TASK TO COMPLETE: Reproduce the lines below exactly. Skip images.

· · · · ·

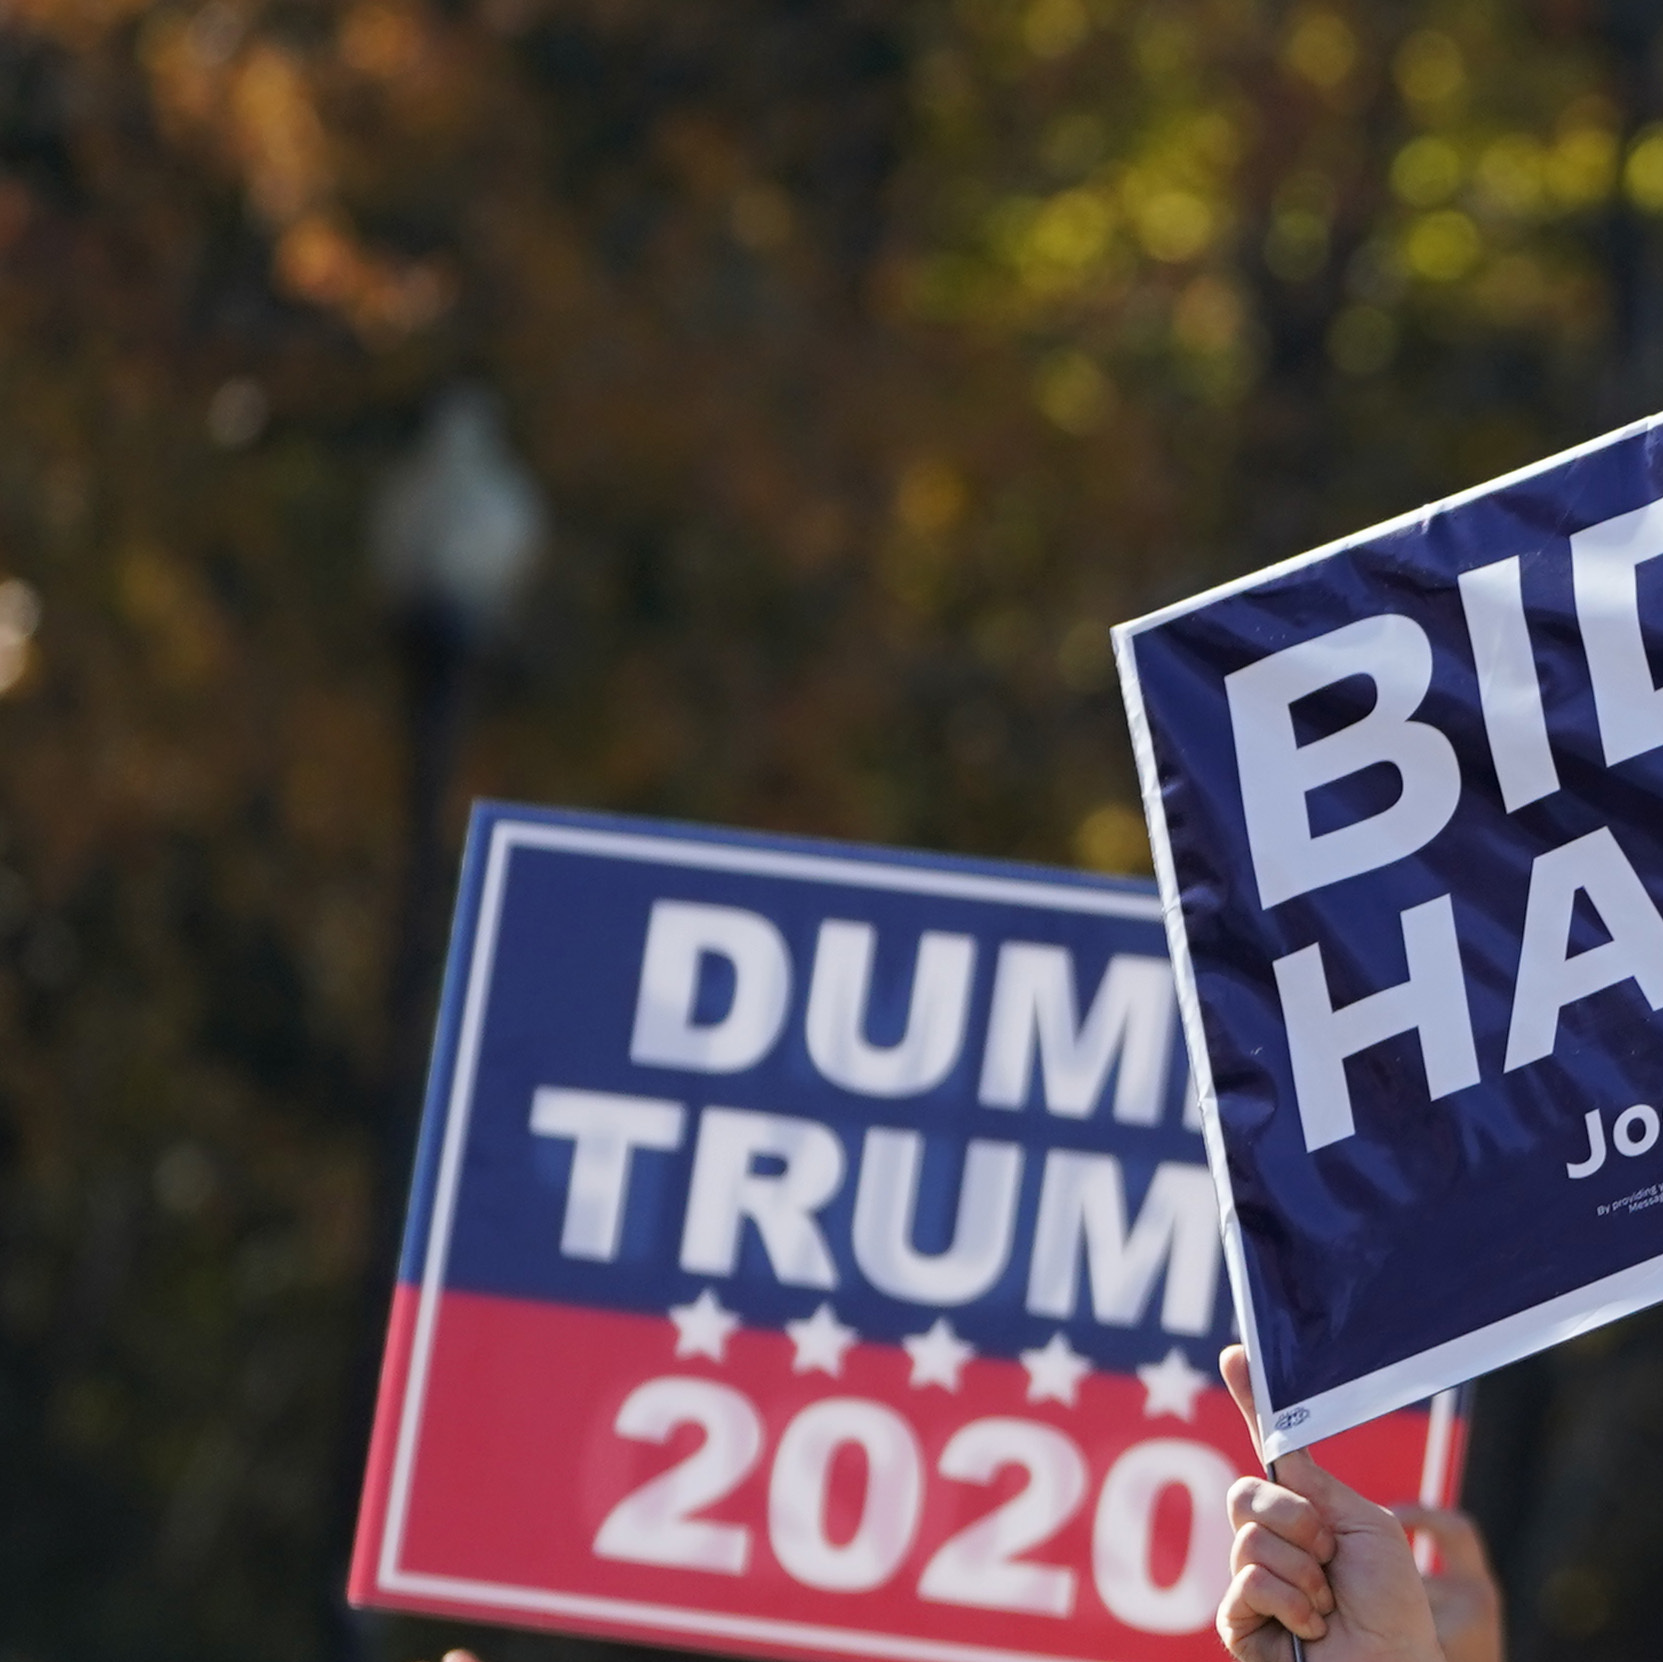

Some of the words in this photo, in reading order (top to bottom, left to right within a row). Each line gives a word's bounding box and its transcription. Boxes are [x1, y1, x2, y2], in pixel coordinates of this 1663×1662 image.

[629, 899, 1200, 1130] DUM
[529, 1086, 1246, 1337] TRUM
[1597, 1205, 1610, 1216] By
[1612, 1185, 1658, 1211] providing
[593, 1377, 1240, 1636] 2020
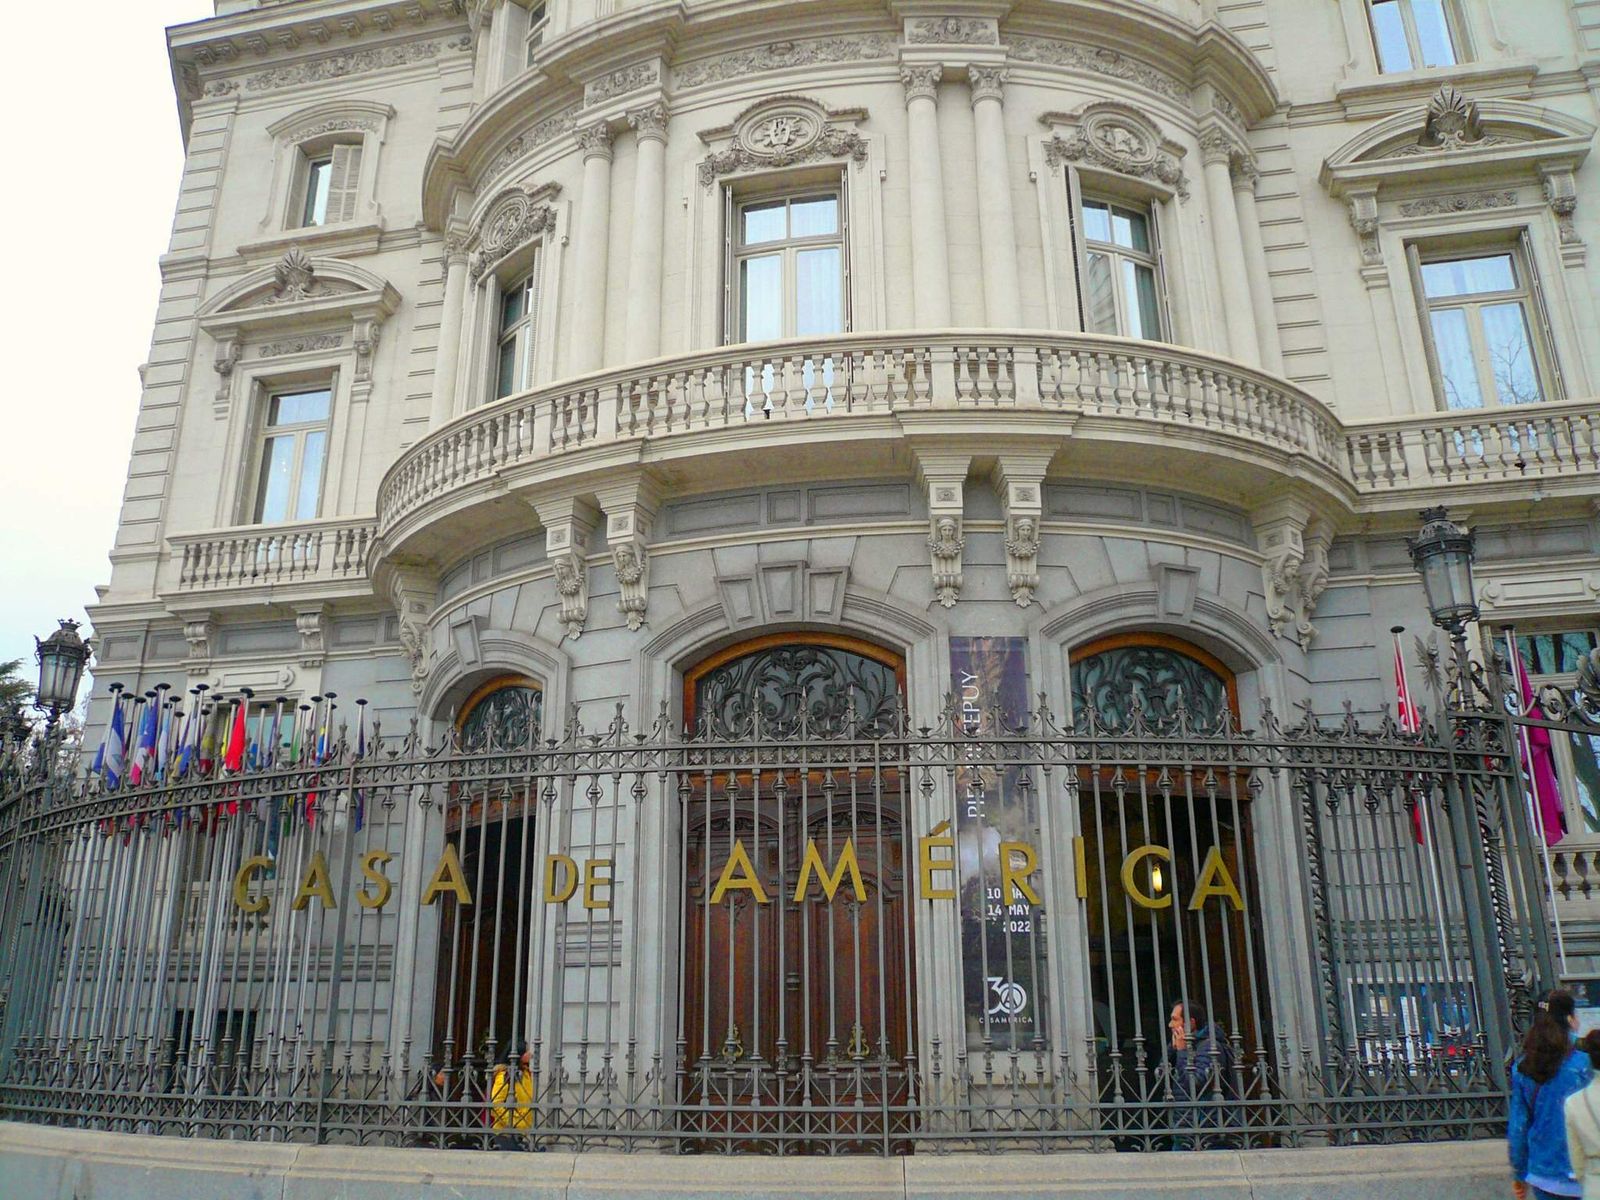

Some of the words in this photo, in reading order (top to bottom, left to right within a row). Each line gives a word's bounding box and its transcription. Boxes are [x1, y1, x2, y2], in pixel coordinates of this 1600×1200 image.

· · · · ·

TASK RESULT:
Some of the words in this photo, in reading order (top to bottom, left to right within a row). Each line gives a word's bounding box and its transcription. Boxes are [x1, y1, x2, y2], in pixel coordinates of this 1663×1662 image.

[629, 899, 1200, 1130] DUM
[529, 1086, 1246, 1337] TRUM
[1597, 1205, 1610, 1216] By
[1612, 1185, 1658, 1211] providing
[593, 1377, 1240, 1636] 2020

Some of the words in this photo, in reading order (top to bottom, left to right within a row). Each line gives a word's bounding box and its transcription. Boxes are [x1, y1, x2, y2], in pixel coordinates of this 1600×1200 image.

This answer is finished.